Сейчас мы взялись проконсультировать и временно взять под управление такой проект, как «Стрелка». В смысле управления проектом другого владельца это первый наш опыт. Лето мы проработали, сейчас будем делать анализ того, что получилось, и решим, будем ли мы брать этот ресторан в дальнейшее управление. Консультационных проектов у нас довольно много. С «Асторией» был полноценный проект, от меню и винной карты до тренировки персонала. Мы очень опытная компания, можем консультировать как с точки зрения меню, так и в области маркетинга, продвижения, в области подготовки персонала. Если есть опыт, почему бы не проконсультировать людей, если они готовы за это платить? Но если мы видим, что, например, проект очень далеко или без толку – консультировать или не консультировать, все равно ничего не изменится, мы отказываемся.
– А с инвесторами как сложились отношения? Это тоже, как Михаил Куснирович, ваши давние знакомые?
– Да. Лучше, когда это люди, которых ты хорошо знаешь. Предложения о партнерстве поступают с того момента, как мы стали очень успешными. Особенно после открытия «Пробки» в Москве огромное количество людей предлагало проинвестировать, чтобы «Пробка» разрасталась. Но я, наверное, предварю ваш вопрос: у нас сразу была принципиальная позиция – сделать в Москве только одну «Пробку» и на этом закрыть вопрос. И когда Миша предложил сделать совместный проект, то сразу обсудили, чтобы концептуально это была не «Пробка». А до этого все предложения были делать еще «Пробки». Почему-то люди думают, что нечего что-то придумывать: о, есть «Пробка», давайте сделаем «Пробку», о, «Уголек», давайте делать «Уголек».
– Их логика понятна: если работает – не ломай.
– Да, да. Но дело в том, что люди не понимают, что невозможно сделать так же. Построить-то можно, посуду купить, название оставить. Но где взять такую же команду? А все хотят такую же команду, такого же сомелье, такого же управляющего, таких же официантов. А их не воспитать вот так просто. Поэтому многие проекты невозможно масштабировать. Как ту же «Стрелку», тоже интересное, знаковое место для Москвы. В урбанистике, архитектуре, дизайне это, наверное, главное место в стране.

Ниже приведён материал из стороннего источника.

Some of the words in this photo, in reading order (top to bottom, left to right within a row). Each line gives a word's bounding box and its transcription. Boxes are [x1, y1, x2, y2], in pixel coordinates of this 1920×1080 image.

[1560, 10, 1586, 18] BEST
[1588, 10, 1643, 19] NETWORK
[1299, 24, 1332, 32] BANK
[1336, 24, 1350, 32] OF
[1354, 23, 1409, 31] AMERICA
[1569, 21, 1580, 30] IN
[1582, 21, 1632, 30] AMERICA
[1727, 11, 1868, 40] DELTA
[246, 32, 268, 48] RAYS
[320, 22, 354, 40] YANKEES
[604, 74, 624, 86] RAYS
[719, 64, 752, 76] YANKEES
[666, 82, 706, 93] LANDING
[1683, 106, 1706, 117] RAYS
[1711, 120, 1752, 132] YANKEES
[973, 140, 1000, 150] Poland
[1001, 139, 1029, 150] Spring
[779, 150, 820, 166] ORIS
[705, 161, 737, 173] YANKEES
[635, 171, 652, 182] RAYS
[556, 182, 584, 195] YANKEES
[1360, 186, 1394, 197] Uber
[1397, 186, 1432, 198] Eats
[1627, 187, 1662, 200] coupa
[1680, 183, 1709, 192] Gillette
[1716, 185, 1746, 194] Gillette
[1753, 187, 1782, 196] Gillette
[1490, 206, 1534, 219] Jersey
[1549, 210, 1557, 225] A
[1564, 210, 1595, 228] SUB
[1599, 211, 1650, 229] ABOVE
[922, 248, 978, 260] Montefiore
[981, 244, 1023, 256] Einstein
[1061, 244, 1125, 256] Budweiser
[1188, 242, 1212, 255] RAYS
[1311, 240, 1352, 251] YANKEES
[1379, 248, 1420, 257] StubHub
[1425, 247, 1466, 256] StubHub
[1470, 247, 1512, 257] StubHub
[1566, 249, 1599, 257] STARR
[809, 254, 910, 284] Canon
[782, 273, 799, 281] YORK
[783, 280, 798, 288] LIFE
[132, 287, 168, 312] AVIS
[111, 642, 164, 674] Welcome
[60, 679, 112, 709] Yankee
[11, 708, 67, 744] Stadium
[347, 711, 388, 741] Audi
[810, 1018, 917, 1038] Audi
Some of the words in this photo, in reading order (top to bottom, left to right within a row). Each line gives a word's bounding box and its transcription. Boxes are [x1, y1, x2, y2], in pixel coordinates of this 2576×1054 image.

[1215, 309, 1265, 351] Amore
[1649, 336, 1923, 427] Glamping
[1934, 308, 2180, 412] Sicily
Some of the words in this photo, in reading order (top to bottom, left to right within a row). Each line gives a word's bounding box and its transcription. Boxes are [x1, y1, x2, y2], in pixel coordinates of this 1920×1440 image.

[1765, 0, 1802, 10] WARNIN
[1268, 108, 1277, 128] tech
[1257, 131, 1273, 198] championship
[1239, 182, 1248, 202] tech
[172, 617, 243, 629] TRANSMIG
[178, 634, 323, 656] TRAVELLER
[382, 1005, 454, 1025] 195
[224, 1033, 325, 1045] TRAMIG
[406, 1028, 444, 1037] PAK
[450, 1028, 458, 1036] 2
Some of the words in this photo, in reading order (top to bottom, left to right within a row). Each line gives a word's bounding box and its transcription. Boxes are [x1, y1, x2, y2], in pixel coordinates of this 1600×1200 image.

– Какие еще проекты планируете в Москве?
– Единственный ресторан, который хотим открыть и активно ищем для него помещение (товарищи читатели, если у вас есть классное помещение от 300 до 500 м, я жду вас!), – «Мама Тута». Это наш грузинский ресторан, он буквально разорвал публику в Петербурге. Потому что такая грузинская еда в современном прочтении – большая редкость. Я много лет назад, на съемках украинской «Адской кухни», имел счастье познакомиться с Георгием Хучуа, молодым, очень талантливым грузинским шефом. Молодой талантливый итальянский шеф у меня Антонио, он во всех моих итальянских проектах делает что-то невероятное. И Гиа точно такой же молодой, очень талантливый, очень глубокой культуры, что мне очень важно, интересующийся, жадный до знаний. И мы с ним сделали «Мама Тута», и она очень нужна в Москве, здесь такого [грузинского] ресторана нет. Без колес, телег, кувшинов, плетеных заборов, без всей этой бессмысленной требухи. Нормальный современный грузинский ресторан с невероятно вкусной и полезной едой, а не какой-то жирной и тяжелой, когда кучей наставят на столе сразу всего.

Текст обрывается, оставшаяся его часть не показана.